On a practical level, having a pillow/wedge to support your knees is absolutely vital.

Some people on here have been prescribed diazepam or similar by their GP as a one-off if they have been very anxious about undergoing a scan so that my be a good idea for you.

It isn’t just anxiety than can cause problems with scanners - sometimes it is a space thing. My brother goes to the National in London for a non MS condition and he always has a fight with them over the scanner they try to use for him. He doesn’t look particularly large or fat but he is very broad shouldered (ex rugby player) and he doesn’t physically fit in the smallest scanner. But they do keep trying to cram him into it!

From my (rather too extensive) experience of scans the time taken for a scan will depend on what the consultant has ordered.

A basic had scan (like my regular check-up one because I am on Tysabri) takes about 15 minutes. They take the minimum number of “slices”

A more detailed head scan such as during initial diagnosis takes about 20-25 minutes because they are taking more images. Double that for a scan with contrast because they have to repeat the process (maybe a bit quicker because they won’t have to repeat the set-up process.

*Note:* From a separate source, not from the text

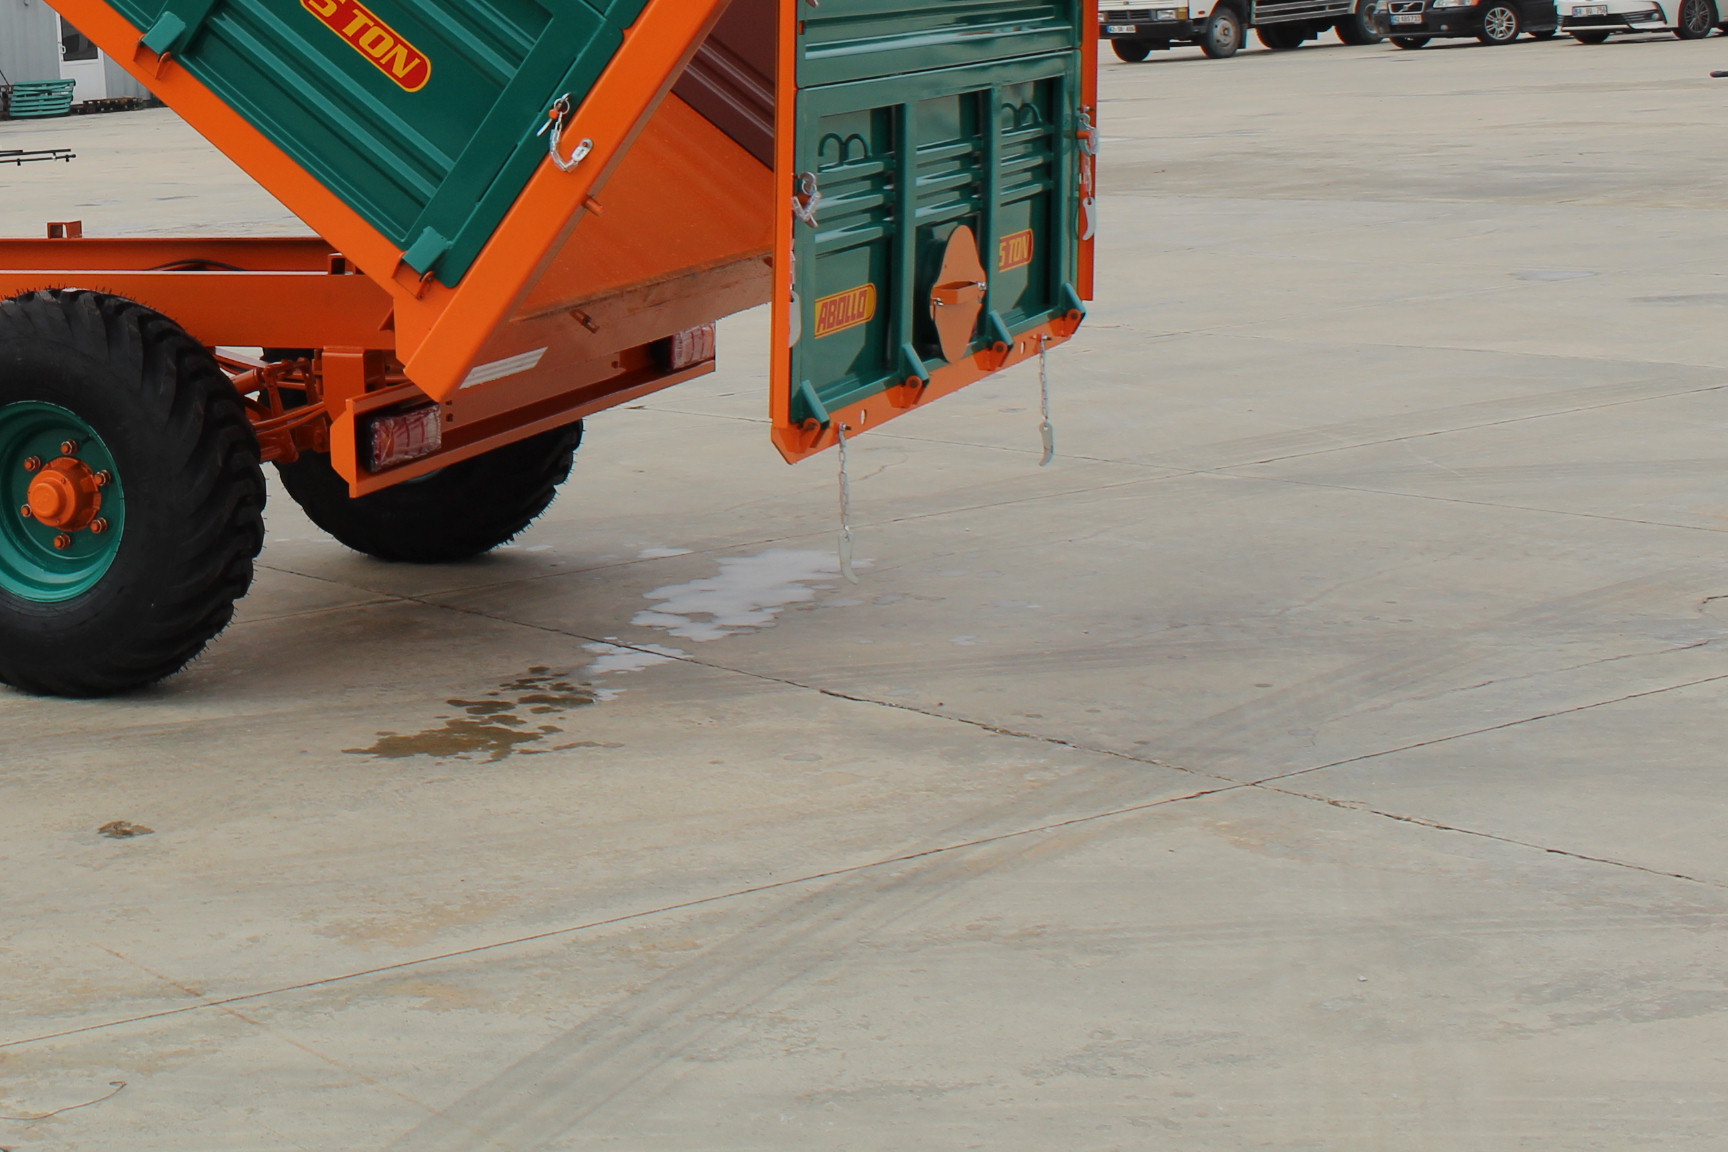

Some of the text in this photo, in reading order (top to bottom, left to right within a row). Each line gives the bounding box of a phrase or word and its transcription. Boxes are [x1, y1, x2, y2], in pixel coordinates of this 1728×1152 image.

[342, 8, 421, 79] TON
[998, 234, 1031, 267] 5 TON
[816, 289, 868, 333] ABOLLO

The real killer is a head and spinal scan with contrast because that involves 4 separate scans with and they have to reposition you and repeat the set-up process between each of them. I don’t think that they like doing them together because of the time it involves. My one and only “double shuffle” took over 2 hours which was not fun, I can tell you!

A scan with contrast is ordered to check up on any progression/new activity. The contrast drug highlights newer/more active damage. As my first MS Nurse told me, the “new stuff lights up like a Christmas tree” on the scans.

Thanks for explaining about contrast, I’ve just accepted it time after time, without ever knowing what it does beyond ‘enhancing’ images. So that really helps.